* _Data provided_
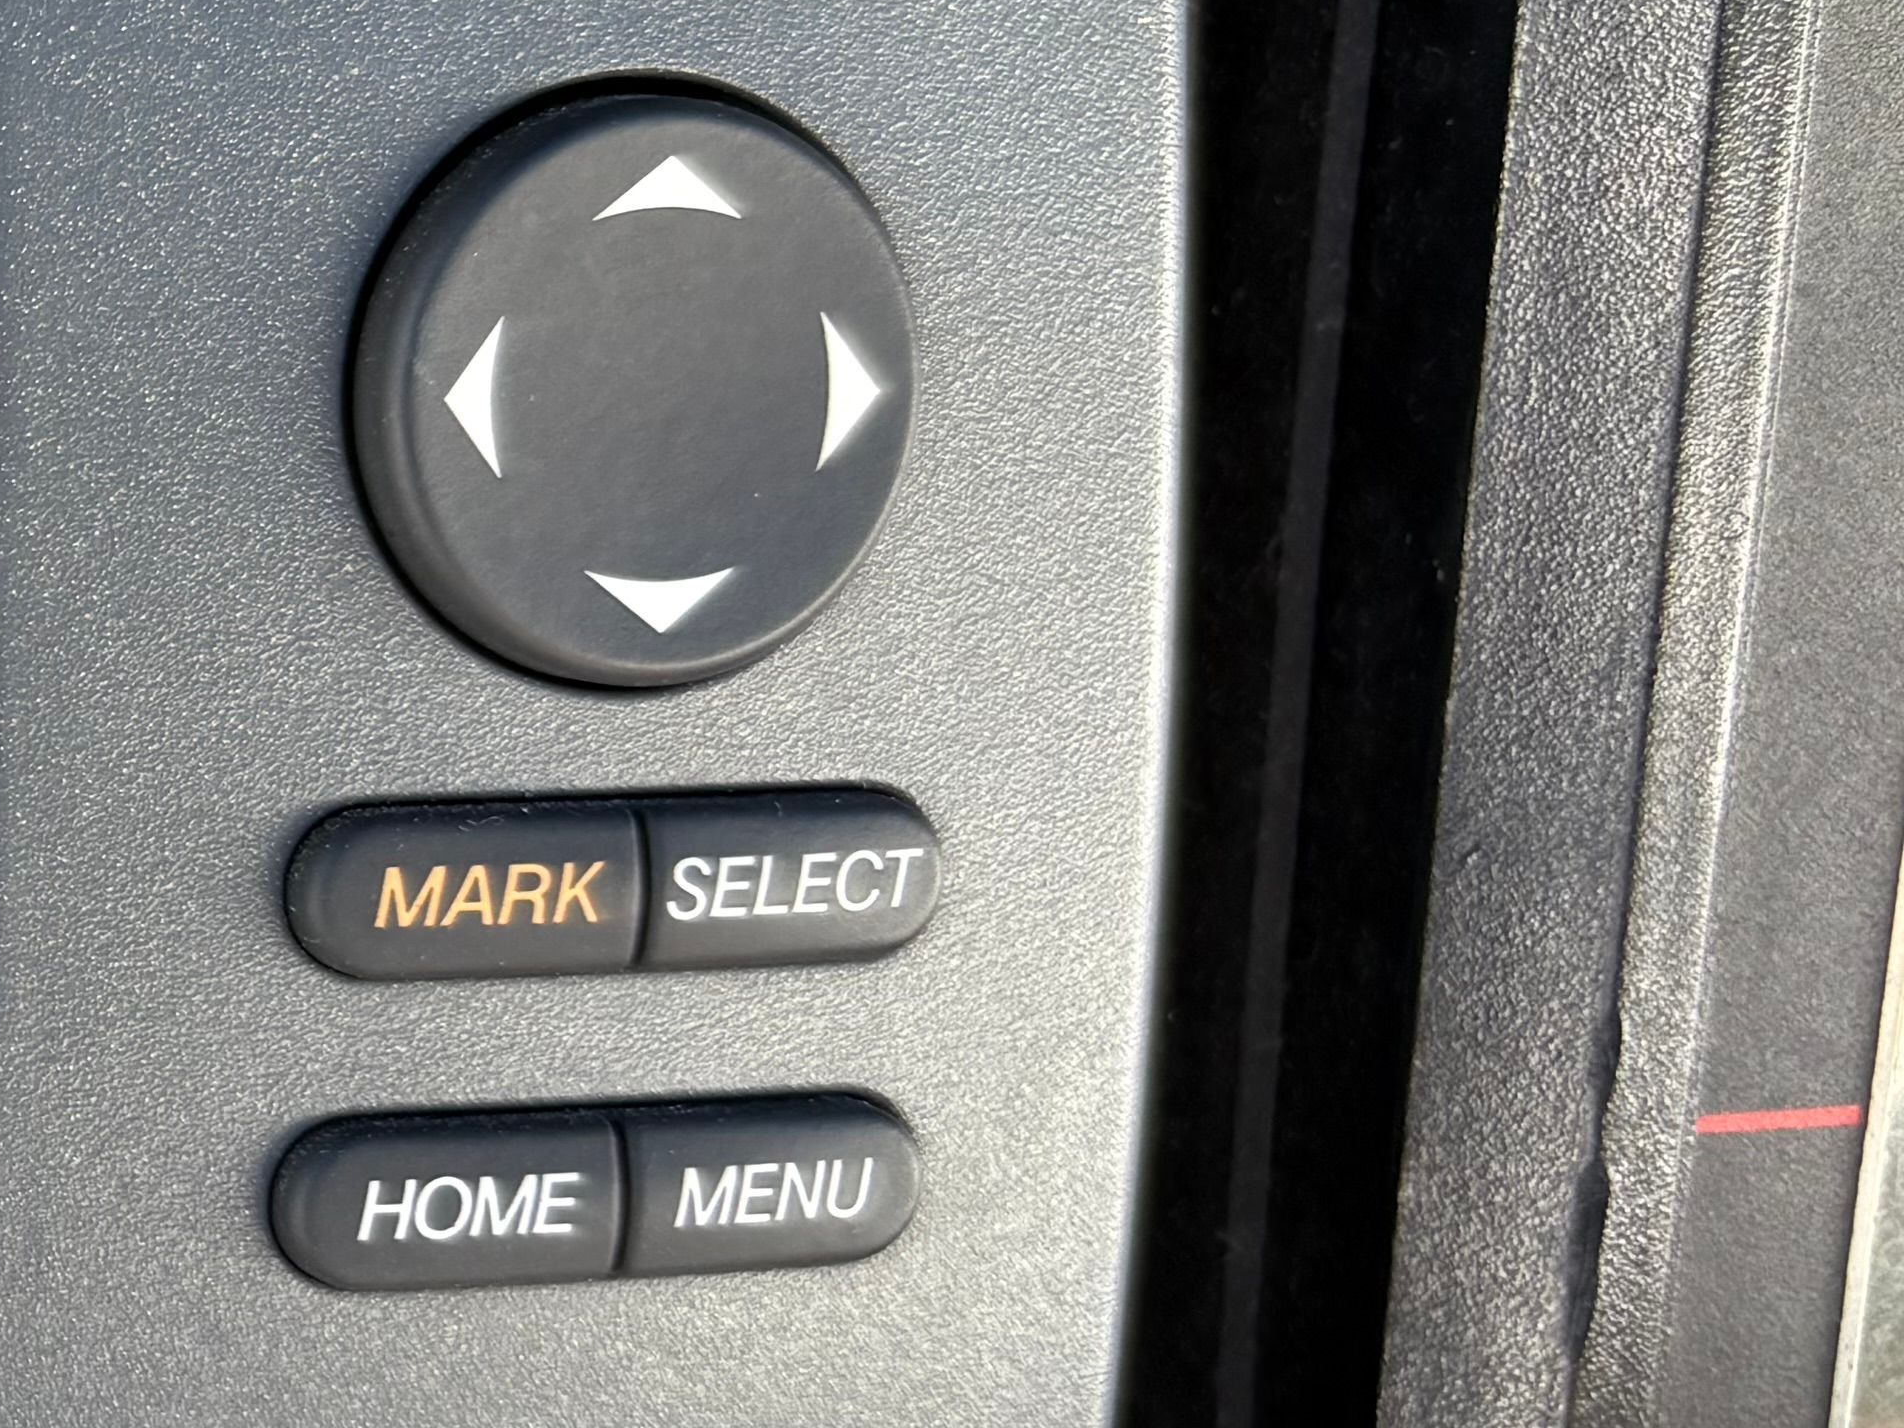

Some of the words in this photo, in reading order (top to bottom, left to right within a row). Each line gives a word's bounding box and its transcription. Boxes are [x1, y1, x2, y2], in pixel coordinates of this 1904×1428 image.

[374, 860, 606, 930] MARK
[665, 847, 924, 922] SELECT
[356, 1172, 582, 1242] HOME
[674, 1157, 874, 1228] MENU

* _Task description_
Without the pictures, copy all of the entries exactly as they appear.

* _Answer area_
Some of the words in this photo, in reading order (top to bottom, left to right within a row). Each line gives a word's bounding box and its transcription. Boxes are [x1, y1, x2, y2], in pixel coordinates of this 1904×1428 image.

[374, 860, 606, 930] MARK
[665, 847, 924, 922] SELECT
[356, 1172, 582, 1242] HOME
[674, 1157, 874, 1228] MENU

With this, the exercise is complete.